◆ EXERCISE GOAL:
Without including the pictures, copy out every line below.

[Collected data]
....

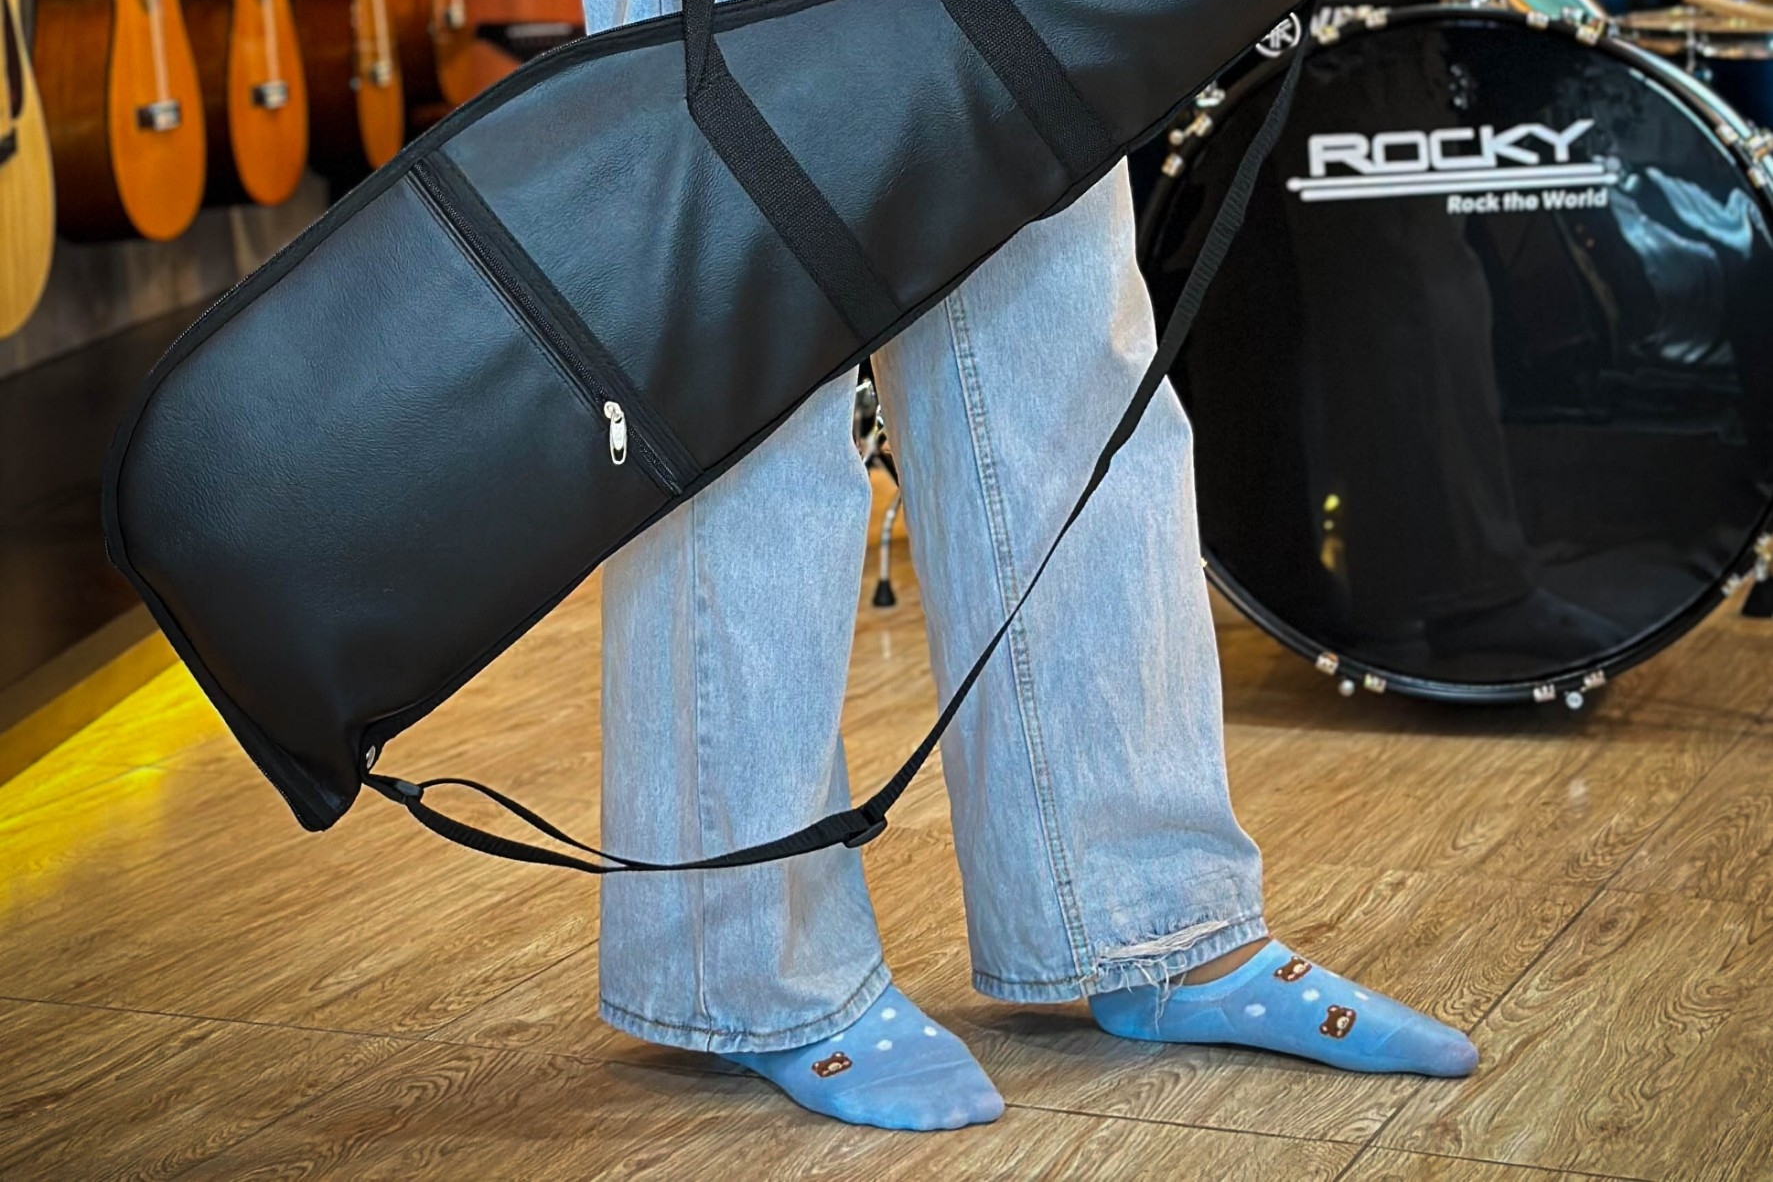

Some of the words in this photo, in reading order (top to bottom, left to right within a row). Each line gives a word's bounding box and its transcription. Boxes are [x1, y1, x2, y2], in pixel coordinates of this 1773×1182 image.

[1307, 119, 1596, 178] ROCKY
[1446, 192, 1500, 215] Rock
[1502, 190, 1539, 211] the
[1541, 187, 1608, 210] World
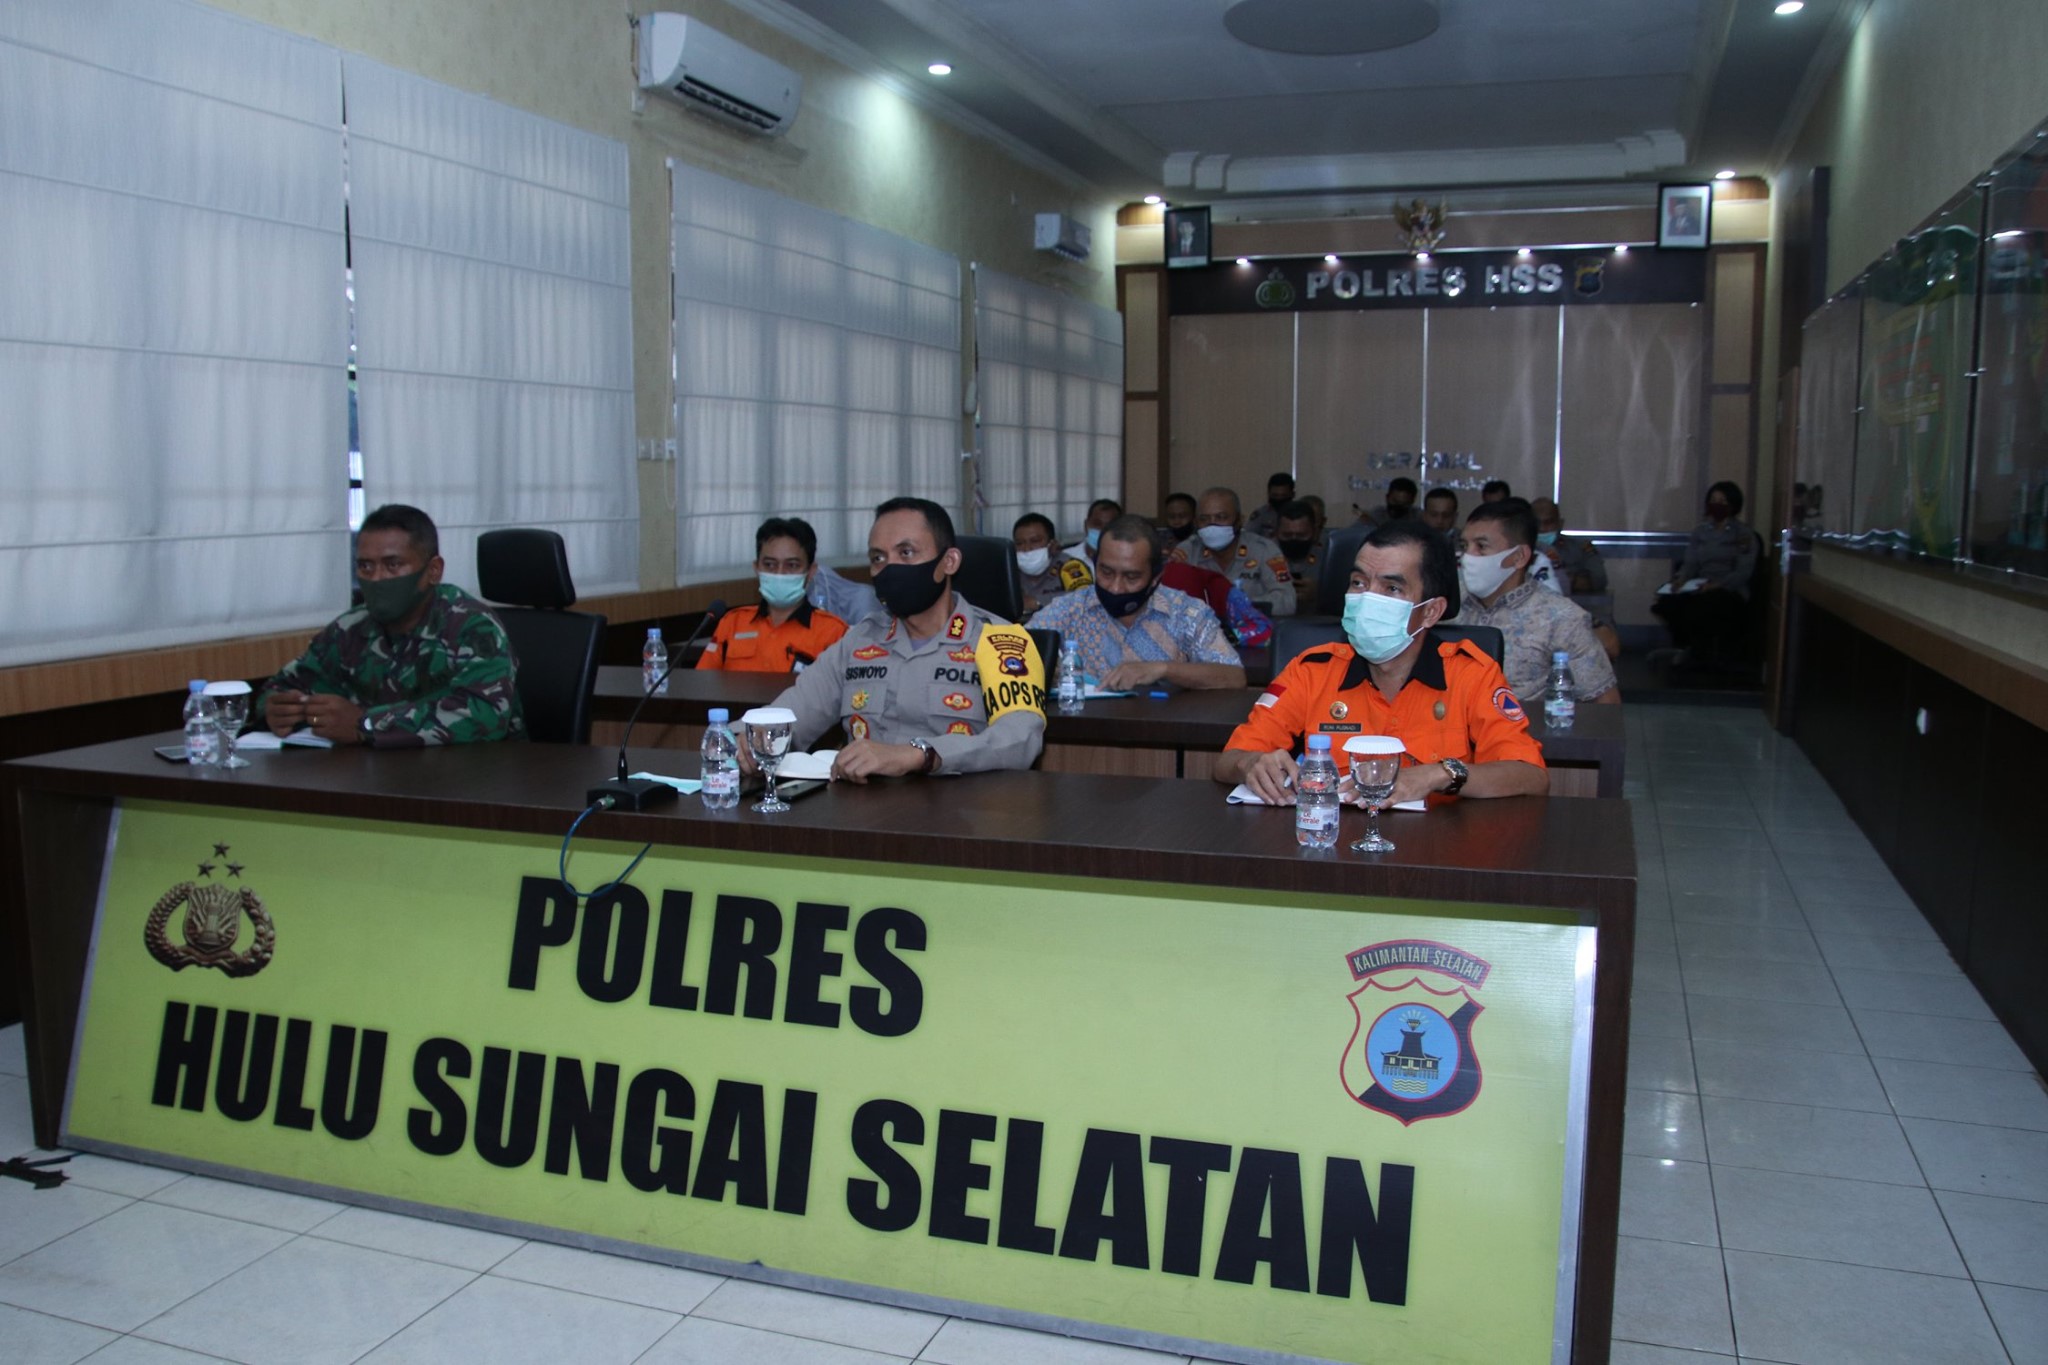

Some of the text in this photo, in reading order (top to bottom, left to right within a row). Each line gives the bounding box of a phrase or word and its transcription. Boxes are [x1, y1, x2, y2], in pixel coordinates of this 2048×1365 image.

....

◆ TASK RESULT:
Some of the words in this photo, in reading order (top to bottom, left to right within a row). Each line gives a word's bounding box and its transcription. Boxes are [x1, y1, x2, y2], in pixel coordinates of this 1773×1182 image.

[1307, 119, 1596, 178] ROCKY
[1446, 192, 1500, 215] Rock
[1502, 190, 1539, 211] the
[1541, 187, 1608, 210] World

Some of the text in this photo, in reading order (top to bottom, left to right within a row). Each line gives the bounding box of a phrase or word and its transcription. Boxes are [x1, y1, x2, y2], in pixel coordinates of this 2048×1365 image.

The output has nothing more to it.